@Aislabie missed his window so I have the next pick.
My next pick is the brother of my last pick
Edward Grace
Stats|Matches|Runs|HS|
Ave|100s/50s|Wkts|BBI|BBM|
Ave|Econ|5w/10w
First-Class
|314|10,025|192*|18.66|5/44|305|10/69|?|20.37|2.77|17/2
Test
|1|36|36|18.00|0/0|-|-|-|-|-|-
His bio from cricinfo:
"Edward Mills Grace died on May 20 after a long illness at his residence, Park House, Thornbury, Gloucestershire. But for the accident that his own brother proved greater than himself, E. M. Grace would have lived in cricket history as perhaps the most remarkable player the game has produced. Barring W.G., it would be hard indeed to name a man who was a stronger force on a side or a more remarkable match winner. Primarily, he was a batsman, but his value in an eleven went far beyond his power of getting runs. As a fieldsman at point--at a time when that position was far more important than it is in modern cricket--he never had an equal, and, though he did not pretend to be a first-rate bowler, he took during his career thousands of wickets. In his young days he bowled in the orthodox round-arm style, but his success in club cricket was gained by means of old-fashioned lobs. Fame came to him early in life.
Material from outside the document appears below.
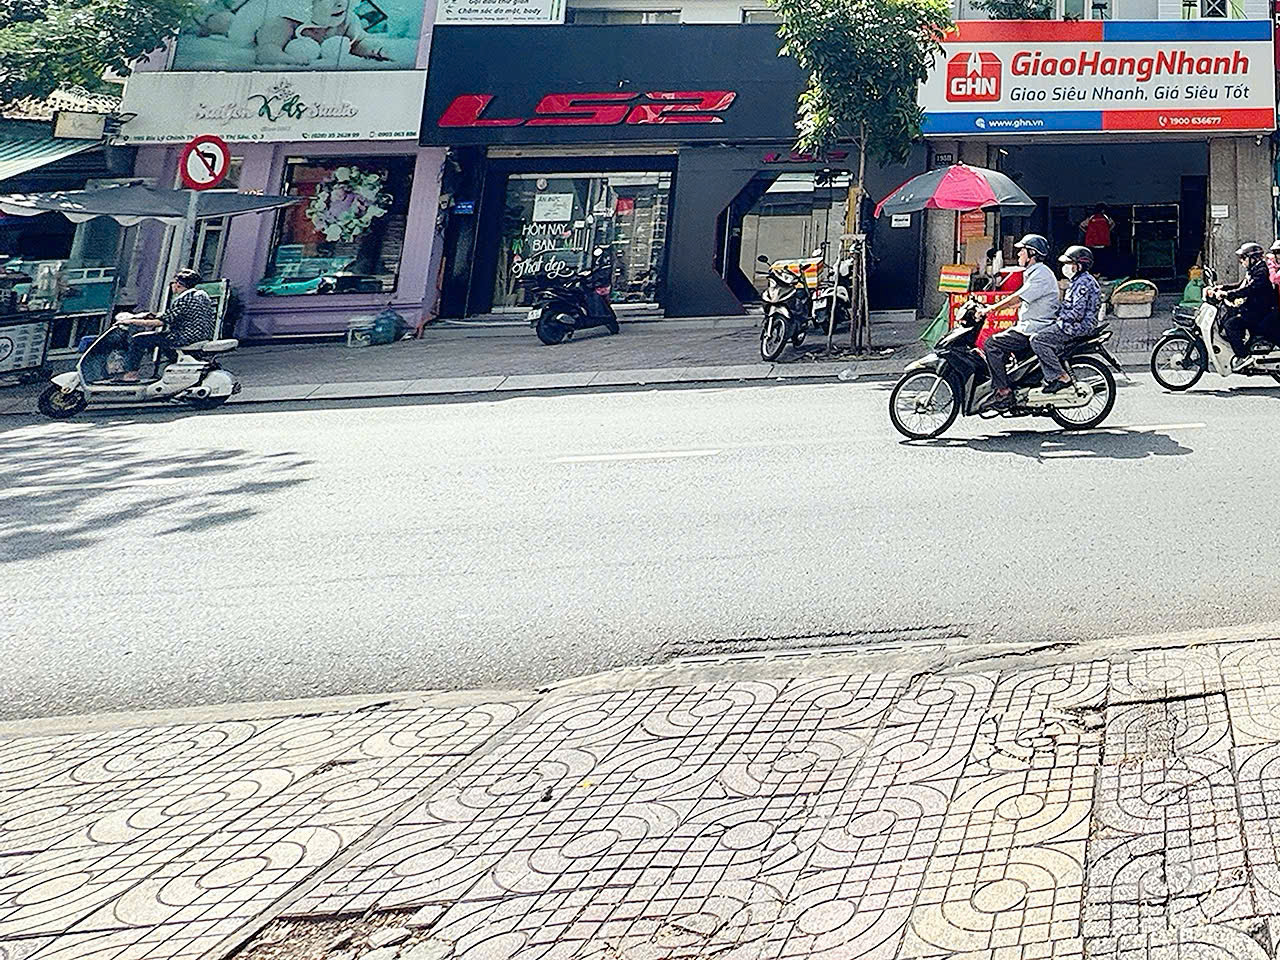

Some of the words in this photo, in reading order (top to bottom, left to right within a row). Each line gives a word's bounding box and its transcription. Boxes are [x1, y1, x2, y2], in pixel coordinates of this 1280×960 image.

Born on November 28th, 1841, he made his first appearance at Lord's in 1861, and a year later he was beyond question the most dangerous bat in England. It was in the Canterbury Week in 1862 that, playing as an emergency for the M.C.C. against the Gentlemen of Kent, he scored 192 not out, and took all ten wickets in one innings. This was a 12 a-side and one man was absent in the second innings when he got the ten wickets. He reached his highest point as a batsman in 1863, scoring in all matches that year over 3,000 runs.
After the season was over he went to Australia as a member of George Parr's famous team, but it cannot be said that in the Colonies he did all that was expected of him. He was handicapped by a bad hand, but, as he himself stated, there was another reason for his comparative lack of success. At the start of the tour he fell into rather a reckless style of batting, and, try as he would, he could not get back to his proper method. Still, he did some good things, scoring, for example, 106 not out in a single-wicket match. He had not been back in England more than two years before W.G., as a lad of eighteen, began to put him in the shade. The two brothers were in the Gentlemen's eleven together in 1865--W. G.'s first year in the representative match--and had a share in gaining for the Gentlemen their first victory at Lord's since 1853. While he was qualifying as a surgeon E. M. Grace to a certain extent dropped out of first-class cricket, but he came very much to the front again on the formation of the Gloucestershire County Club in 1871. He was secretary from the start, and held his post without a break till his resignation in 1909.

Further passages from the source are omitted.